ASSIGNED TASK:
Exclude any images and output the remaining records exactly.

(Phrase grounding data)
*** Begin section ***

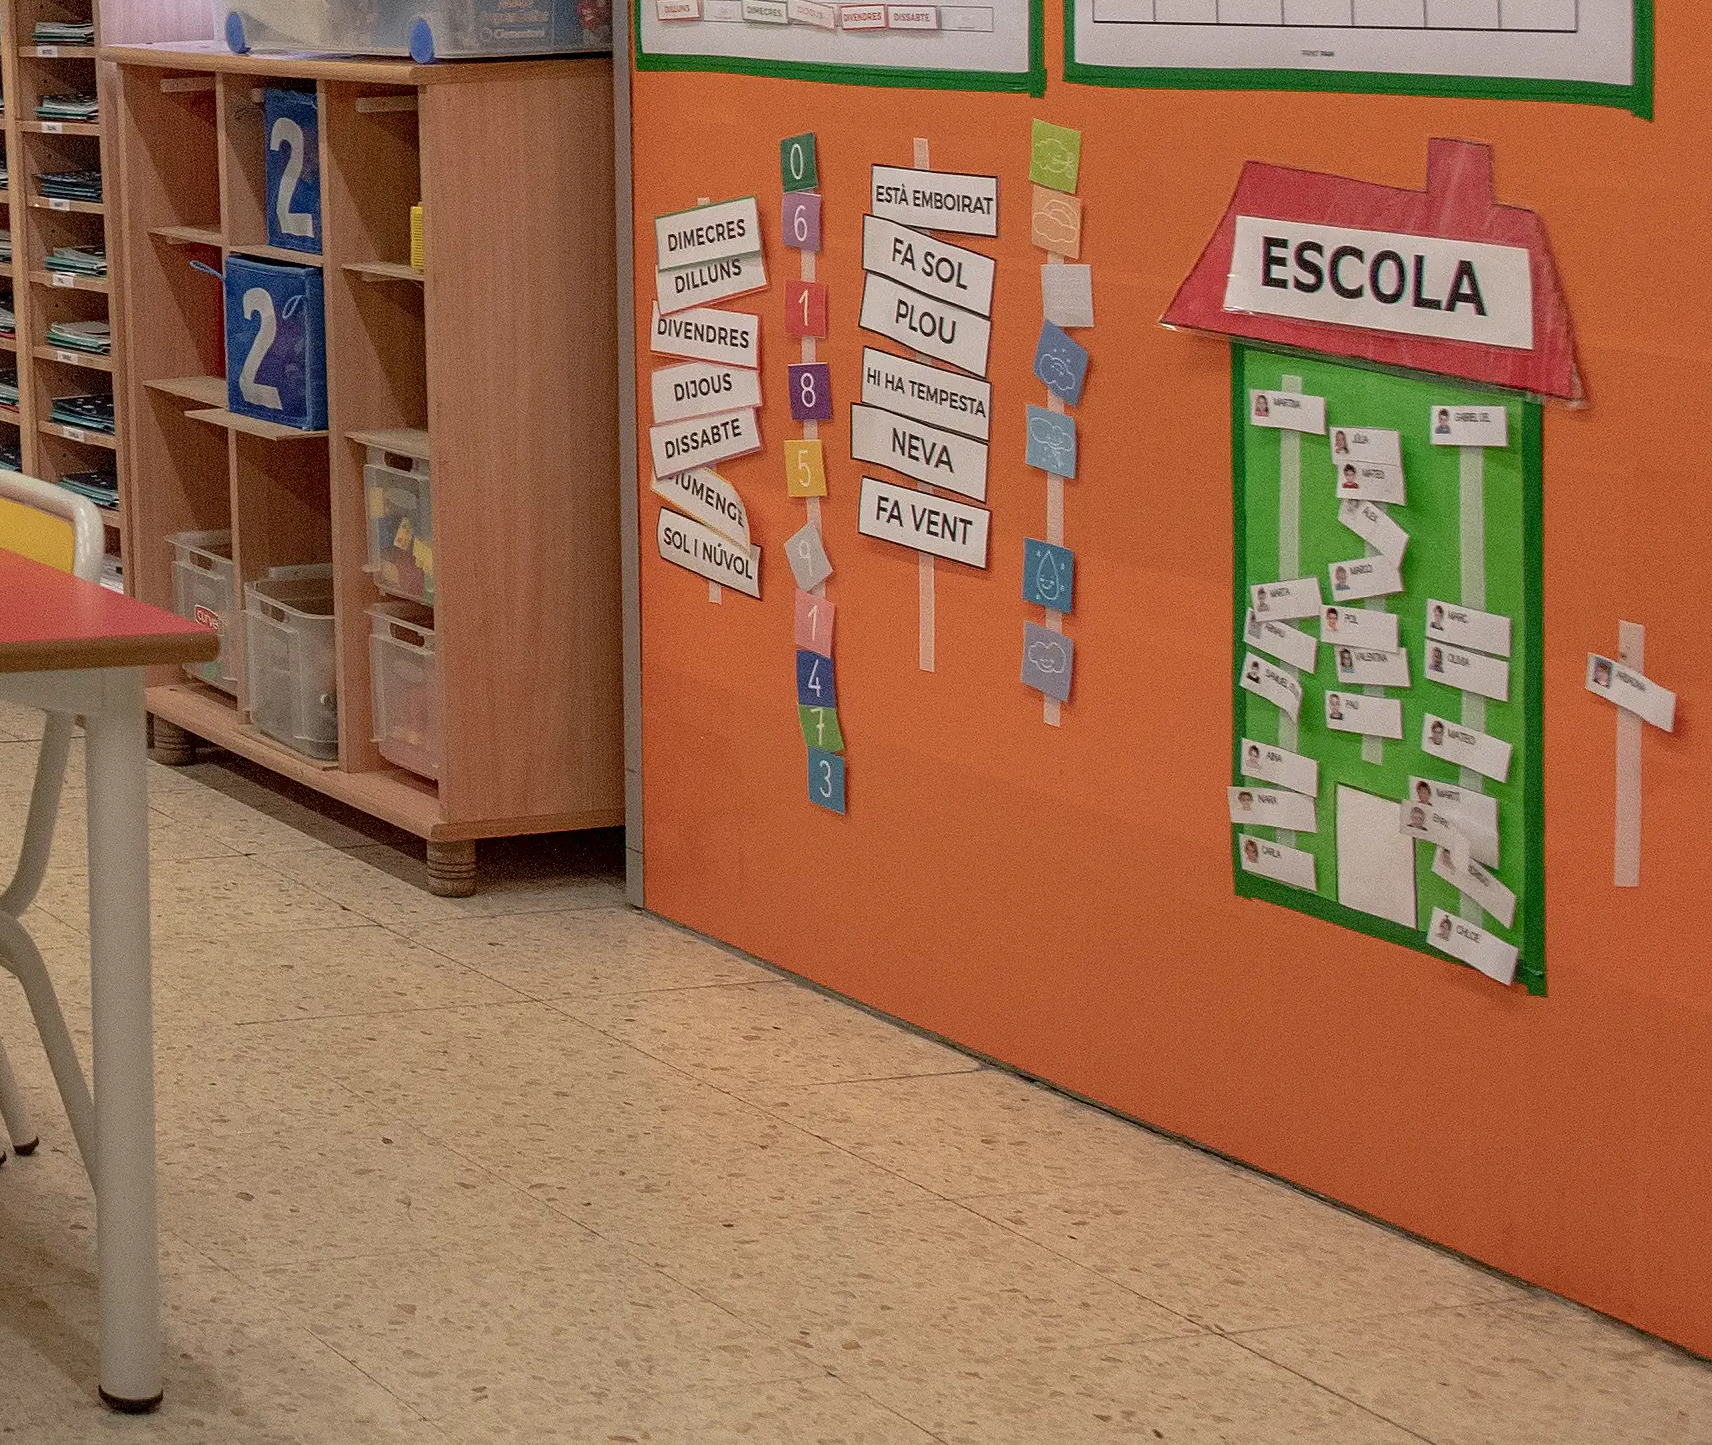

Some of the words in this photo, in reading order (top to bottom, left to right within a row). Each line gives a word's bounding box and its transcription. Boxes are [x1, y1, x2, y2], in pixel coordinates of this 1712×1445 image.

[892, 12, 931, 23] DISSABTE
[270, 117, 315, 238] 2
[790, 148, 804, 177] 0
[875, 181, 909, 209] ESTÀ
[913, 188, 995, 218] EMBOIRAT
[667, 219, 747, 254] DIMECRES
[793, 211, 808, 242] 6
[675, 257, 742, 295] DILLUNS
[891, 237, 918, 268] FA
[923, 250, 968, 291] SOL
[1261, 235, 1488, 319] ESCOLA
[798, 294, 810, 324] 1
[894, 300, 958, 346] PLOU
[239, 287, 284, 411] 2
[658, 317, 750, 350] DIVENDRES
[673, 372, 733, 401] DIJOUS
[800, 373, 816, 408] 8
[867, 366, 882, 389] HI
[886, 371, 905, 396] HA
[909, 376, 987, 420] TEMPESTA
[664, 419, 743, 460] DISSABTE
[891, 426, 955, 475] NEVA
[797, 449, 812, 483] 5
[875, 495, 904, 526] FA
[910, 502, 974, 547] VENT
[663, 526, 691, 552] SOL
[693, 540, 699, 558] I
[701, 542, 754, 582] NÚVOL
[798, 544, 813, 577] 9
[806, 606, 818, 639] 1
[807, 660, 822, 696] 4
[810, 708, 827, 746] 7
[818, 761, 833, 799] 3

*** End section ***

YOUR SOLUTION:
Some of the words in this photo, in reading order (top to bottom, left to right within a row). Each line gives a word's bounding box and its transcription. Boxes are [x1, y1, x2, y2], in pixel coordinates of this 1712×1445 image.

[892, 12, 931, 23] DISSABTE
[270, 117, 315, 238] 2
[790, 148, 804, 177] 0
[875, 181, 909, 209] ESTÀ
[913, 188, 995, 218] EMBOIRAT
[667, 219, 747, 254] DIMECRES
[793, 211, 808, 242] 6
[675, 257, 742, 295] DILLUNS
[891, 237, 918, 268] FA
[923, 250, 968, 291] SOL
[1261, 235, 1488, 319] ESCOLA
[798, 294, 810, 324] 1
[894, 300, 958, 346] PLOU
[239, 287, 284, 411] 2
[658, 317, 750, 350] DIVENDRES
[673, 372, 733, 401] DIJOUS
[800, 373, 816, 408] 8
[867, 366, 882, 389] HI
[886, 371, 905, 396] HA
[909, 376, 987, 420] TEMPESTA
[664, 419, 743, 460] DISSABTE
[891, 426, 955, 475] NEVA
[797, 449, 812, 483] 5
[875, 495, 904, 526] FA
[910, 502, 974, 547] VENT
[663, 526, 691, 552] SOL
[693, 540, 699, 558] I
[701, 542, 754, 582] NÚVOL
[798, 544, 813, 577] 9
[806, 606, 818, 639] 1
[807, 660, 822, 696] 4
[810, 708, 827, 746] 7
[818, 761, 833, 799] 3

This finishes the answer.